BRIEF - The records below need to be set down again exactly; their images stay out.

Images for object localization
◆ ◆ ◆ ◆ ◆
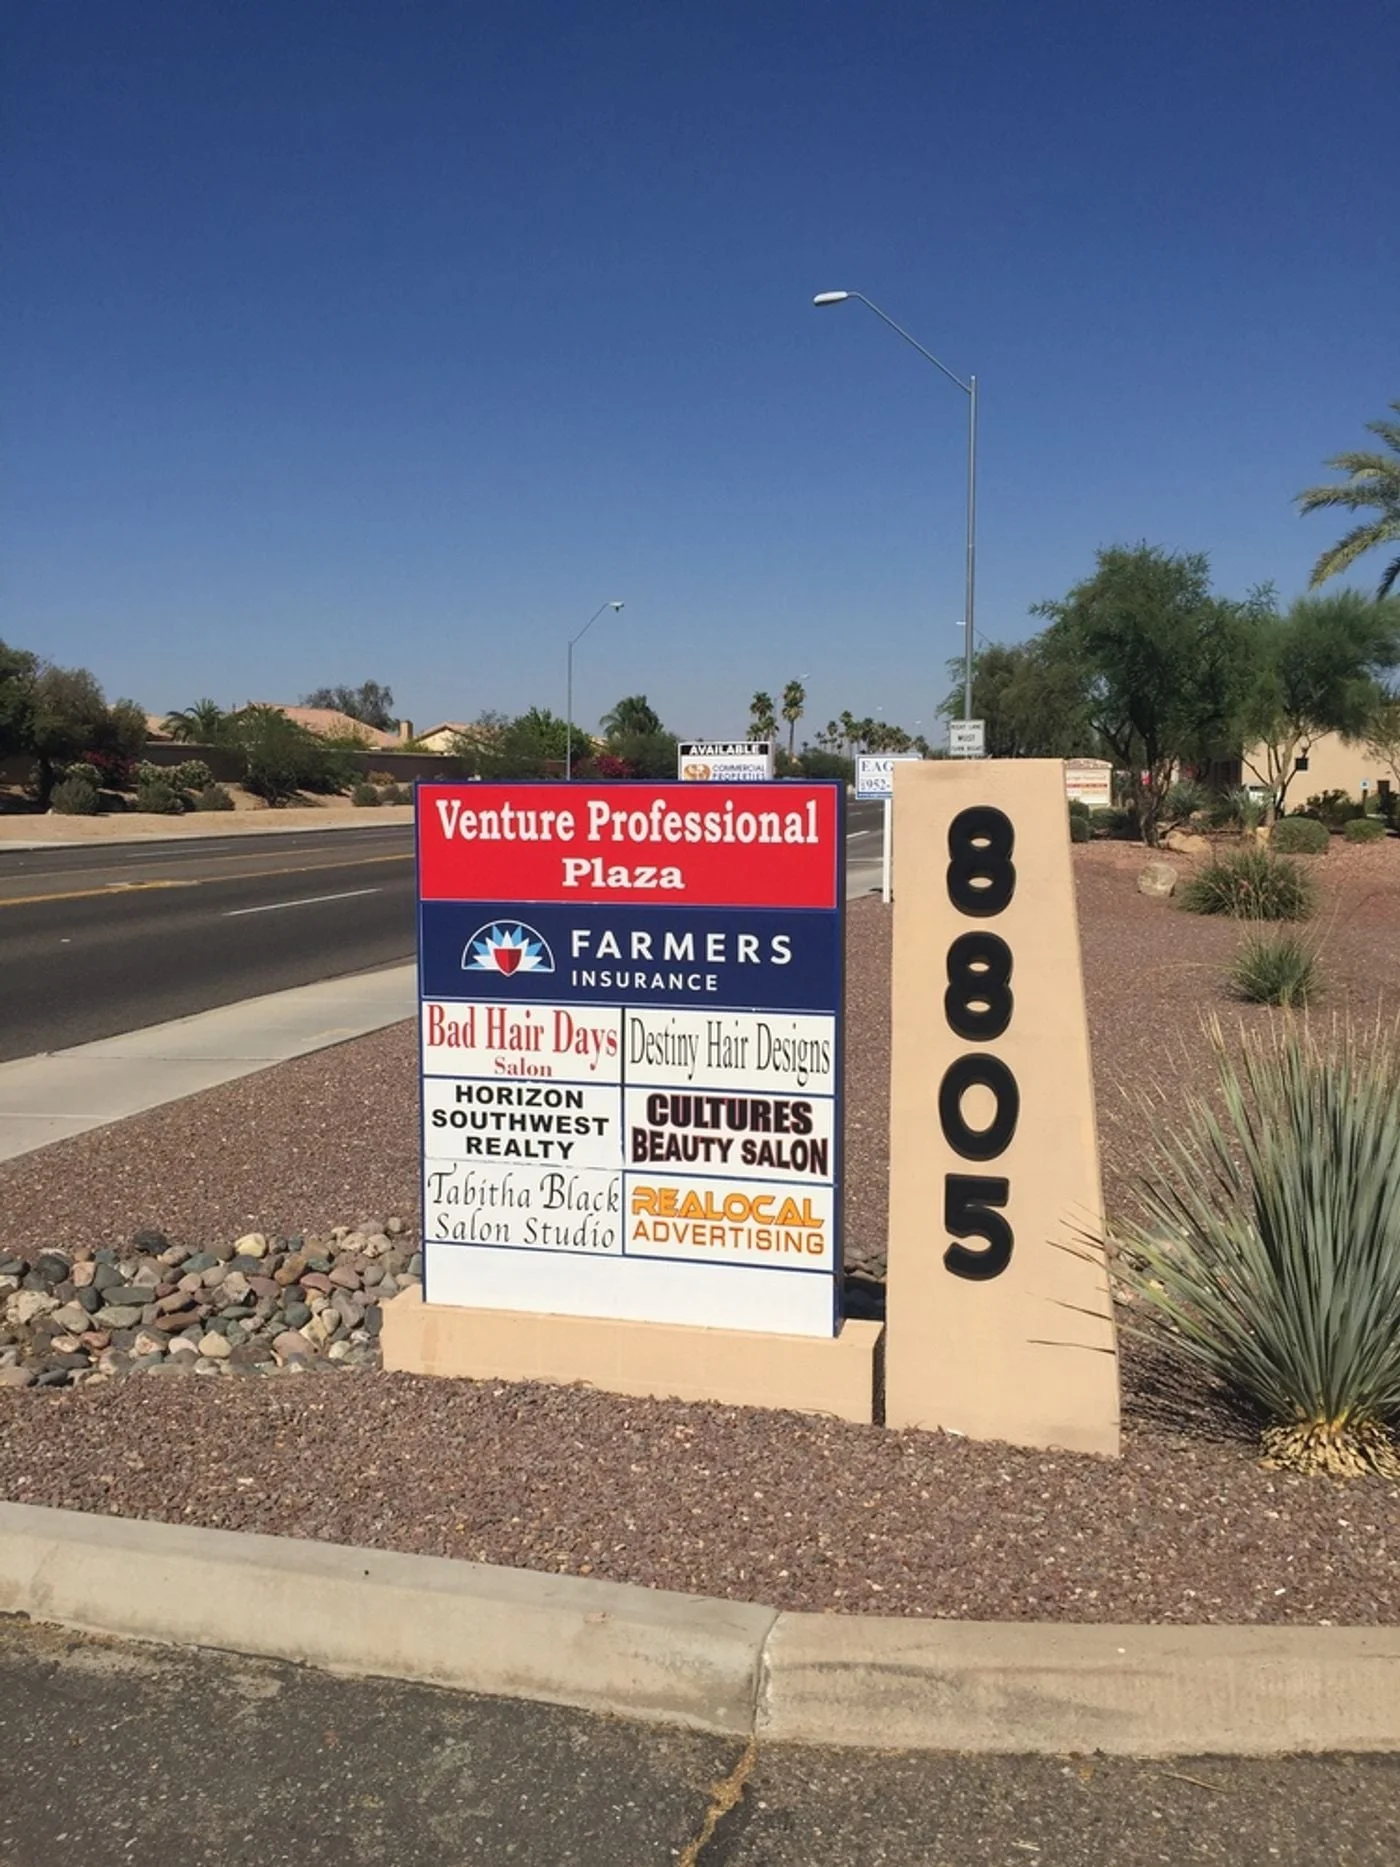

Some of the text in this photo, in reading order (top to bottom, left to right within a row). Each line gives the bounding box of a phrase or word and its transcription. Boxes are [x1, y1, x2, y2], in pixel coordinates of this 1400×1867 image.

[689, 745, 759, 754] AVAILABLE
[435, 799, 819, 845] Venture Professional
[562, 857, 684, 890] Plaza
[571, 929, 793, 965] FARMERS
[572, 970, 718, 992] INSURANCE
[427, 1004, 617, 1070] Bad Hair Days
[630, 1016, 831, 1087] Destiny Hair Designs
[938, 805, 1020, 1282] 8805
[493, 1056, 552, 1078] Salon
[456, 1085, 584, 1109] HORIZON
[646, 1093, 813, 1135] CULTURES
[432, 1109, 609, 1136] SOUTHWEST
[466, 1136, 575, 1160] REALTY
[632, 1128, 828, 1176] BEAUTY SALON
[427, 1164, 620, 1213] Tabitha Black
[632, 1185, 824, 1228] REALOCAL
[435, 1208, 615, 1249] Salon Studio
[633, 1220, 824, 1255] ADVERTISING
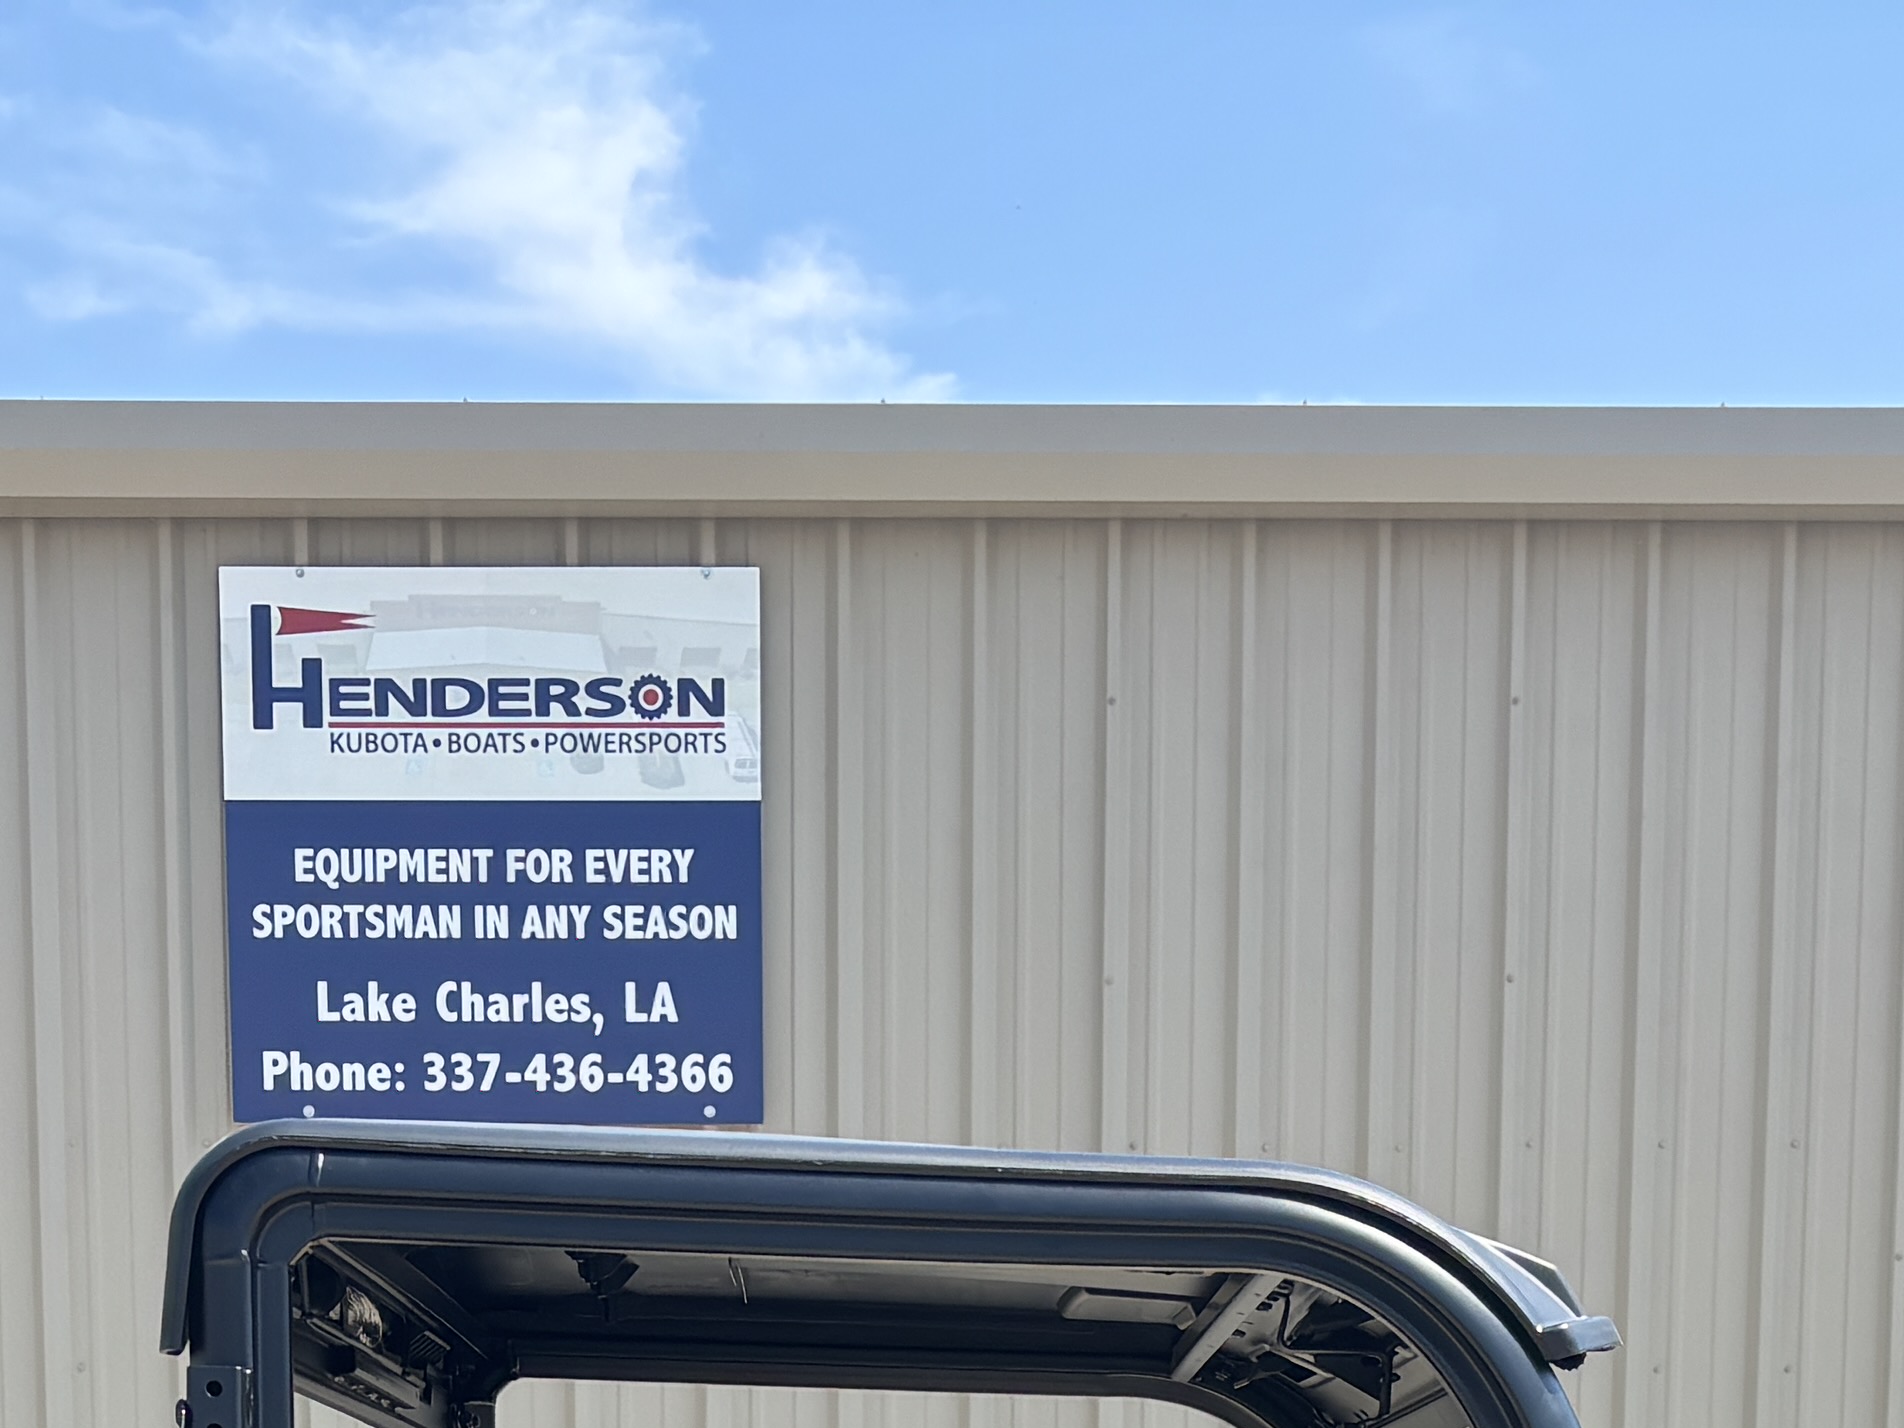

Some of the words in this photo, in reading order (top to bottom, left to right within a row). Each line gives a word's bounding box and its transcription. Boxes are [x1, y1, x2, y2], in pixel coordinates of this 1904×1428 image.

[250, 604, 726, 730] HENDERSON
[329, 732, 428, 754] KUBOTA
[447, 732, 526, 754] BOATS
[545, 732, 727, 754] POWERSPORTS
[294, 847, 494, 890] EQUIPMENT
[506, 848, 574, 883] FOR
[585, 848, 695, 884] EVERY
[252, 903, 462, 939] SPORTSMAN
[474, 904, 509, 939] IN
[521, 904, 592, 940] ANY
[603, 904, 737, 940] SEASON
[316, 980, 417, 1023] Lake
[435, 980, 604, 1036] Charles,
[624, 981, 679, 1023] LA
[262, 1050, 406, 1092] Phone:
[423, 1052, 734, 1093] 337-436-4366
◆ ◆ ◆ ◆ ◆
ANSWER BOX -
Some of the text in this photo, in reading order (top to bottom, left to right within a row). Each line gives the bounding box of a phrase or word and its transcription. Boxes are [x1, y1, x2, y2], in pixel coordinates of this 1400×1867 image.

[689, 745, 759, 754] AVAILABLE
[435, 799, 819, 845] Venture Professional
[562, 857, 684, 890] Plaza
[571, 929, 793, 965] FARMERS
[572, 970, 718, 992] INSURANCE
[427, 1004, 617, 1070] Bad Hair Days
[630, 1016, 831, 1087] Destiny Hair Designs
[938, 805, 1020, 1282] 8805
[493, 1056, 552, 1078] Salon
[456, 1085, 584, 1109] HORIZON
[646, 1093, 813, 1135] CULTURES
[432, 1109, 609, 1136] SOUTHWEST
[466, 1136, 575, 1160] REALTY
[632, 1128, 828, 1176] BEAUTY SALON
[427, 1164, 620, 1213] Tabitha Black
[632, 1185, 824, 1228] REALOCAL
[435, 1208, 615, 1249] Salon Studio
[633, 1220, 824, 1255] ADVERTISING

Some of the words in this photo, in reading order (top to bottom, left to right within a row). Each line gives a word's bounding box and its transcription. Boxes are [x1, y1, x2, y2], in pixel coordinates of this 1904×1428 image.

[250, 604, 726, 730] HENDERSON
[329, 732, 428, 754] KUBOTA
[447, 732, 526, 754] BOATS
[545, 732, 727, 754] POWERSPORTS
[294, 847, 494, 890] EQUIPMENT
[506, 848, 574, 883] FOR
[585, 848, 695, 884] EVERY
[252, 903, 462, 939] SPORTSMAN
[474, 904, 509, 939] IN
[521, 904, 592, 940] ANY
[603, 904, 737, 940] SEASON
[316, 980, 417, 1023] Lake
[435, 980, 604, 1036] Charles,
[624, 981, 679, 1023] LA
[262, 1050, 406, 1092] Phone:
[423, 1052, 734, 1093] 337-436-4366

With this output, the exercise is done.